Samorządy się zadłużają, aby w ten sposób mieć wkład własny na środki unijne. Jako, że perspektywa finansowa 2014-2020 będzie ostatnią, gdzie Polska będzie mogła liczyć na wysokie wsparcie, należy się spodziewać, że zadłużenie samorządów będzie dalej rosło. Trzeba sobie zdawać jednak sprawę, że czym bardziej zadłużona gmina, tym trudniej będzie jej uzyskać środki na inwestycje. Jeżeli porównamy inwestycje z naszego miasta z Toruniem i Poznaniem (graniczymy z tymi miastami w rankingu zadłużenia ,,Wspólnoty), to należy się zastanowić, czy dobrze gospodarowaliśmy finansami w ostatnich latach.

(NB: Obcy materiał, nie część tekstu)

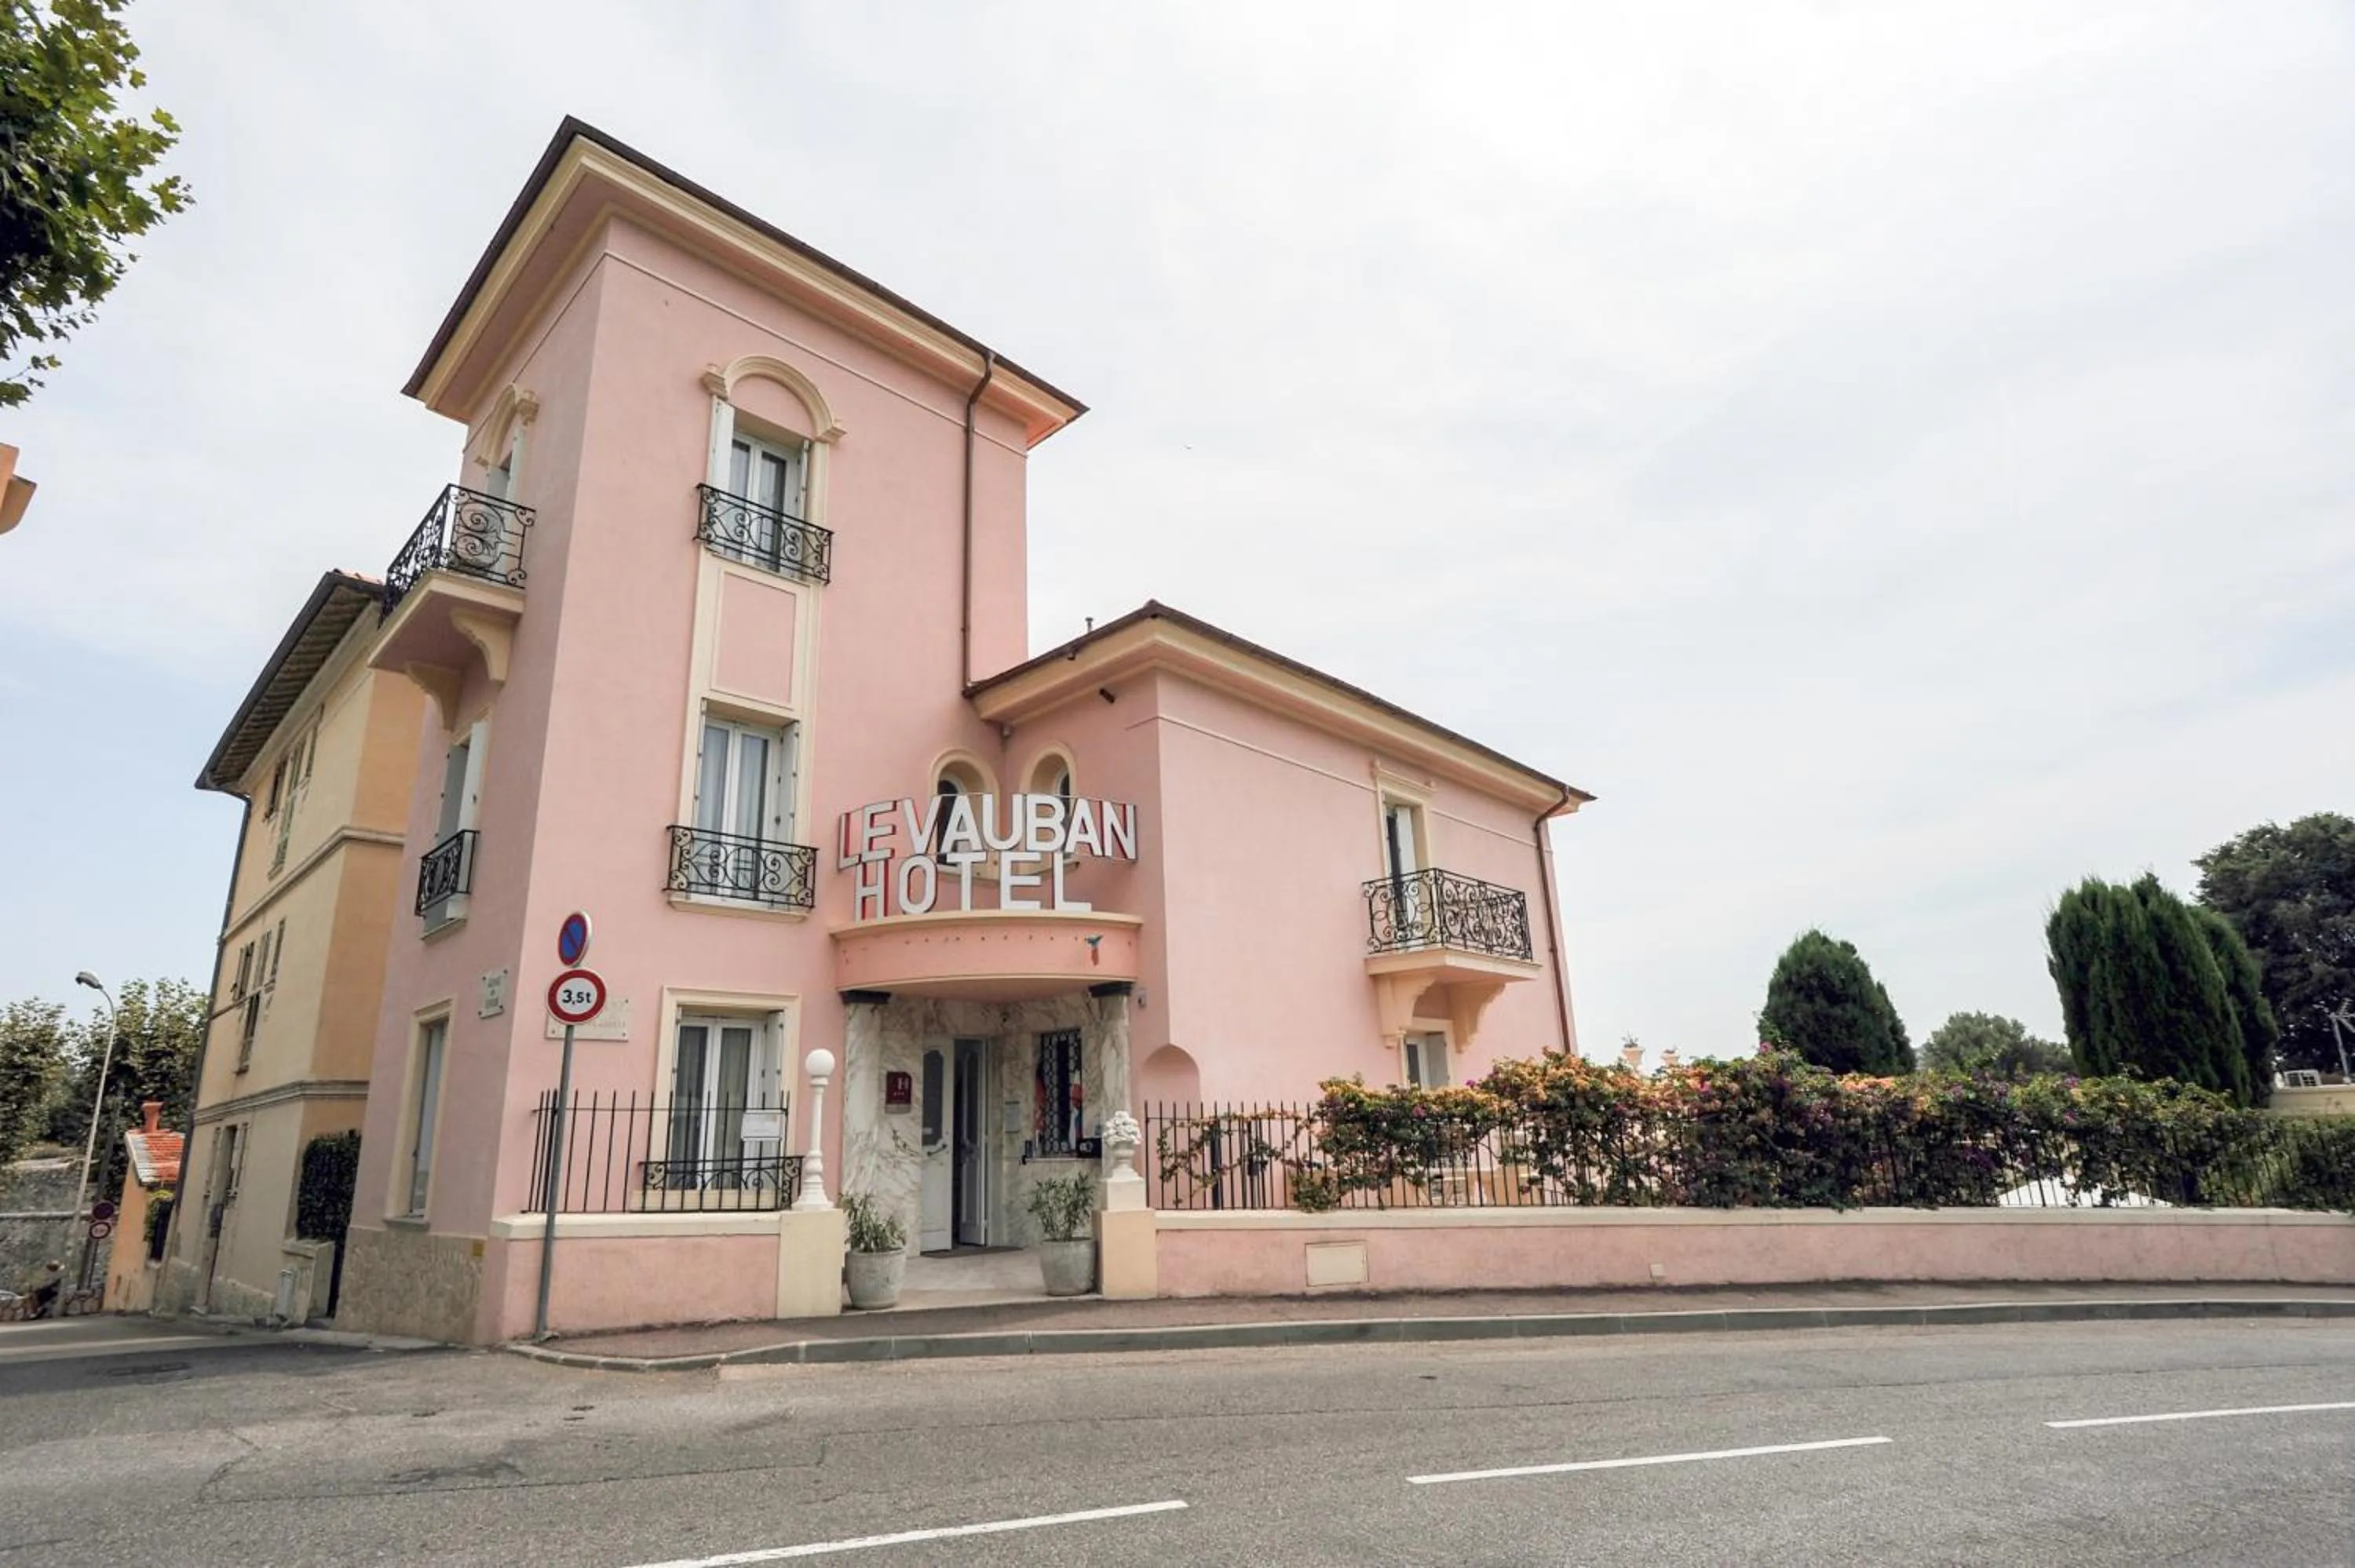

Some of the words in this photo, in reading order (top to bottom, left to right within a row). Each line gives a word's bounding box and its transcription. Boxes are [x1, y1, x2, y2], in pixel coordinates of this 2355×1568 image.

[838, 800, 896, 870] LE
[901, 793, 1137, 861] VAUBAN
[855, 851, 1093, 924] HOTEL

Jeżeli zestawimy relacje długu do rocznego dochodu w danym samorządzie, to z miast wojewódzkich największe zadłużenie ma Toruń – 86,32%. Niechlubną pozycję wicelidera zajmuje Bydgoszcz – 72,40%, przed Poznaniem – 69,41%. Najmniejsze zadłużenie według tego wskaźnika w Polsce ma Olsztyn – 29,55%.
O tym, że Bydgoszcz finansowo odczuwa tak wysokie zadłużenie świadczą plany sprzedaży Komunalnego Przedsiębiorstwa Energetyki Cieplnej, dzieki czemu miasto ma zyskać środki na inwestycje unijne.